At Rivington Music we hear a lot of band names. While a definitive guide is nearly impossible, we at think there are at least some guiding principles. Musicians facing the choice of the right band name can use these to help that process along.

Do you have a story of how your band name came along? Shoot us an email—we love a good story!

What is Your Goal?

A band name can achieve many things. Think of it in terms of good advertising. Try choosing something catchy which can be beneficial in many ways. Will the name stand out on a bill, or linger in someone’s mind? How will it look on a shirt?

In some cases, choosing a band name is a way to align yourself with a group or genre. “The Ramones” sounds awfully similar to “The Clash” or “The Descendents,” doesn’t it?

Or, you could choose to stand out with your band name. “Frank Zappa and the Mothers of Invention” almost begs the question, “What did they invent?”

Other times, a band name encompasses the identity of the group. Think Blues Traveler,  the various influences which helped create their signature integrated bluesy sound. The name almost makes too much sense.

Random or Sensible?

Some bands have names which connect them to other bands or other media. “Panda Bear” for example is a side project of one of Animal Collective’s band members—rather sensible in content for sure. “Titus Andronicus” is the name of a famous Shakespeare play and now it’s also the name of a band. Even “Toad the Wet Sprocket” comes from a fictional band name originating from Monty Python skit.

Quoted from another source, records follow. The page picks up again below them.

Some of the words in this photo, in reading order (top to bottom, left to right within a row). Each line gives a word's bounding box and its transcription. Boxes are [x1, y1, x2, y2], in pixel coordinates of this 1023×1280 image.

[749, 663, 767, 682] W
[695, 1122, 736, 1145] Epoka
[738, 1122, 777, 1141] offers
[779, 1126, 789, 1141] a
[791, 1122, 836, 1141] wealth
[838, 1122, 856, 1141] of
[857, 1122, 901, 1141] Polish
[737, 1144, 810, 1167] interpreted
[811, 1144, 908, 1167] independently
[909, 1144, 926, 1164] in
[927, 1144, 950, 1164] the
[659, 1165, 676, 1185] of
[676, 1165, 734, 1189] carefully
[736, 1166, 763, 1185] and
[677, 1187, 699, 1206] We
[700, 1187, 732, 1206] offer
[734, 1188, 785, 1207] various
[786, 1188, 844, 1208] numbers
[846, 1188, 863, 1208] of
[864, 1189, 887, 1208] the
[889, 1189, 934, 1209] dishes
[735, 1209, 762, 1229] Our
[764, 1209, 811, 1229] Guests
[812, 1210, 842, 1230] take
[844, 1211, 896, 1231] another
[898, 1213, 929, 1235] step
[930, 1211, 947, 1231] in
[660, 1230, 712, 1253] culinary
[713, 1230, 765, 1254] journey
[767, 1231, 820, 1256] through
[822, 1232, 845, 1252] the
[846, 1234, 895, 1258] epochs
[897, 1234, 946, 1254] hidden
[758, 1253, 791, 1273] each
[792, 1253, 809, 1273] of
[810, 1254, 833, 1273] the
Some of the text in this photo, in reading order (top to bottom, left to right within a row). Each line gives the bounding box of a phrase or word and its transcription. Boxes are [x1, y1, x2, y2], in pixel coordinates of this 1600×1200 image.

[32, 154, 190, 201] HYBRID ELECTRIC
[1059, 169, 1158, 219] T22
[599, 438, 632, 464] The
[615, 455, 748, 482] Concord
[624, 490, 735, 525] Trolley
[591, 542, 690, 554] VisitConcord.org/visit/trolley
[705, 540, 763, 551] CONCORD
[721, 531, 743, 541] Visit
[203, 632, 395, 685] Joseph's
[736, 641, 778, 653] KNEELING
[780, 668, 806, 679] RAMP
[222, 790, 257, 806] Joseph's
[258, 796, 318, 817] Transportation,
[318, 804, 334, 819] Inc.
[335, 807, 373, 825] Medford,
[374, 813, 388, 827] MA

What about the just completely random, at times inane band names impactful simply by their weirdness. Hoobastank,” for example, was a mispronunciation of a street in Germany called “Hooba Street.” There’s really no rhyme or reason for the name—it simply stuck.

Minimal or Expansive?

Some band names are incredibly short and make an impactful snippet of sound that sticks in your mind. The band “Aha” had a very simple atmospheric sound which stood out.

Then there’s ones that seem to roll off the tongue. “King Gizzard & the Lizard Wizard” is a newly-popular psychedelic rock band. Their name almost trips out of your mouth, making the best use possible of alliteration.


Genre is one consideration some groups consider, though this is increasingly becoming irrelevant.

When it comes to metal, a lot of groups take their sound to heart. Tons of bands want to position themselves as coming from this aggressive or dark aesthetic. Metallica and Megadeth come to mind immediately.

Yet there are also outliers such as “Archers of Loaf.” The name doesn’t describe anything about the sound, except they are potentially as far-out as their name.

Make It Yours

In the end, advice on how to choose your band name is almost a moot point. Given the creative, eccentric nature of band names these days, it’s applicable to throw names at a wall and see what sticks.

Most importantly, a proper band name—is that even a thing really?—should at least be something your members stand behind. Who wants to be embarrassed when they say their name is “Reticular Paper Cup”?

Or, maybe we just found your next name! That one’s on the house.